目的分析肿瘤标志物诊断芯片C12在胃癌诊断中的价值。方法分析100例胃癌初治病人应用C12系统的检测结果,寻找与胃癌相关性最强的肿瘤标志物,计算不同标志物组合方式对提高诊断率的贡献。结果C12诊断系统对本组胃癌病人的总体诊断率为37%;对I、II、III、IV期的诊断率分别是7.8%、29.4%、35.5%和50.0%,其中对I期和IV期的诊断率相比有显著性差异(<0.01)。CA19-9的阳性率最高(23%);阳性率较高的前5种标志物的任何组合方式(2种、3种、4种、5种标志物组合)均不能提高诊断率。结论C12系统对诊断晚期胃癌有一定价值,但用于早期胃癌的灵敏度不高。发现新的肿瘤标志物、提高检测灵敏度、改进检测甄别方法,是提高胃癌肿瘤标志物临床应用价值的必由之路。

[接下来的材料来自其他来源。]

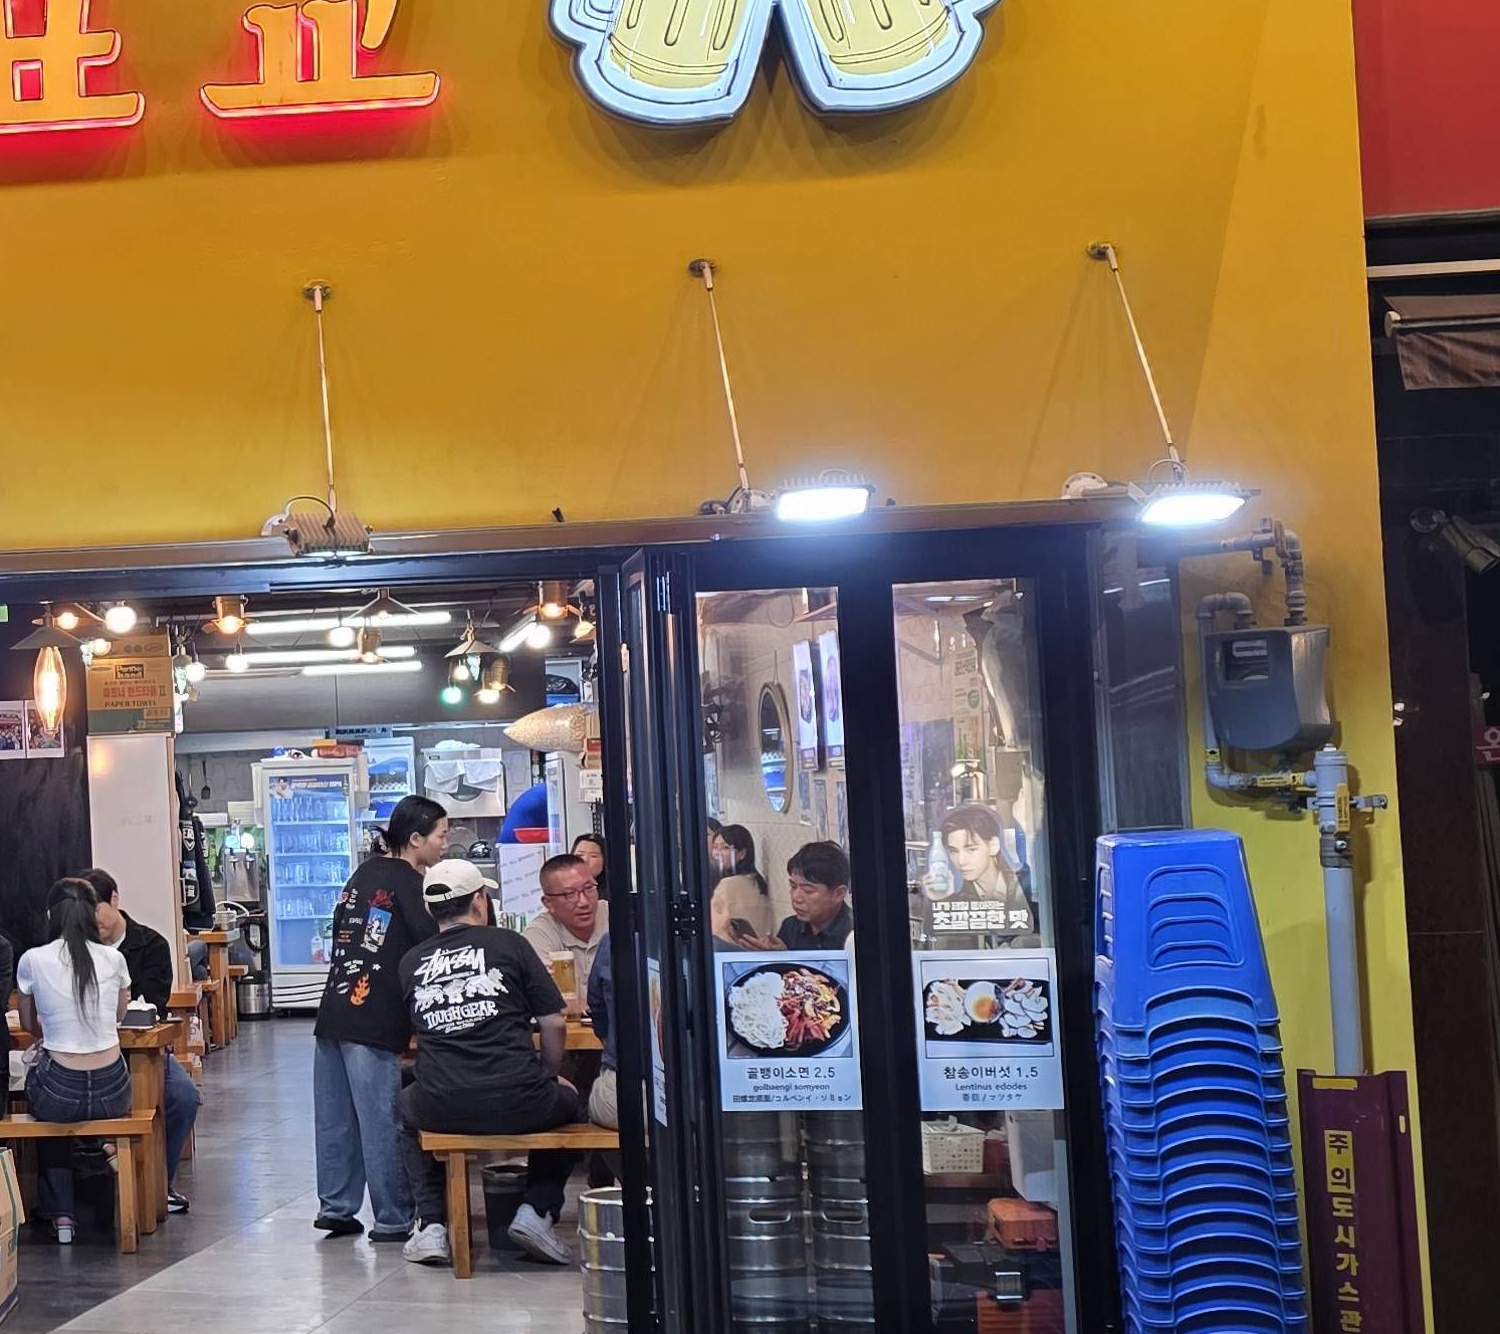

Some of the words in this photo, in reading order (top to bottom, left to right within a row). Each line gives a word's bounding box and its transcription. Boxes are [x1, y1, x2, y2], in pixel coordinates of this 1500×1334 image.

[1009, 909, 1029, 929] 맛
[747, 1067, 810, 1080] 골뱅이소면
[814, 1067, 836, 1079] 2.5
[944, 1066, 1011, 1080] 참송이버섯
[1016, 1066, 1039, 1079] 1.5
[753, 1083, 793, 1093] golbaengi
[794, 1083, 830, 1092] somyeon
[955, 1083, 993, 1091] Lentinus
[995, 1082, 1028, 1091] edodes
[1331, 1196, 1363, 1334] 도시가스관

Objective To explore the diagnostic value of tumor markers biochip diagnostic system C12 in the diagnosis of gastric cancer. Methods The sera of 100 pathology-confirmed gastric carcinoma patients were detected for 12 tumor markers including carcinoembryonic antigen （CEA）, alpha-fetoprotein （AFP）, carbohydrate antigen 19-9 （CA19-9）, carbohydrate antigen 242 （CA242）, cancer antigen 15-3 （CA 15-3）, cancer antigen 125 （CA125）, prostate specific antigen （PSA）, free-PSA, neuron-specificenolase （NSE）, human chorionic gonagotropin-beta （β-HCG）, human growth hormone （HGH）, and ferritin （Fe）, using the C 12 diagnostic biochip system. The most relevant tumor marker and the contribution of various combinations of tumor markers to the improvement of diagnosis were determined.Results The overall diagnostic rate of C 12 biochip system in our group of 100 patients was 37%, and for stages Ⅰ,Ⅱ ,Ⅲ and Ⅳ patients, it was 7.8%, 29.4%, 35.5% and 50%, respectively. The differences in diagnostic rates between stage Ⅰ （7.8%） and stage Ⅳ （50%） reached statistical significance （chi-square test,n=7.20, P〈0.01）. Among all the 12 markers, CAl9-9 had the highest positive rate up to 23%, against which any form of combinations of 5 most relevant tumor markers （2, 3, 4 or 5 markers combined） could not significantly improve the diagnostic rate.Conclusion The C 12 biochip diagnosis system has some value in the diagnosis of advanced stage gastric cancer, but the sensitivity for early stage gastric cancer is not satisfactory. Finding new tumor markers, enhancing detection sensitivity and improving detection and differentiating methods are keys to upgra- ding the clinical value of tumor markers in the diagnosis of gastric cancer.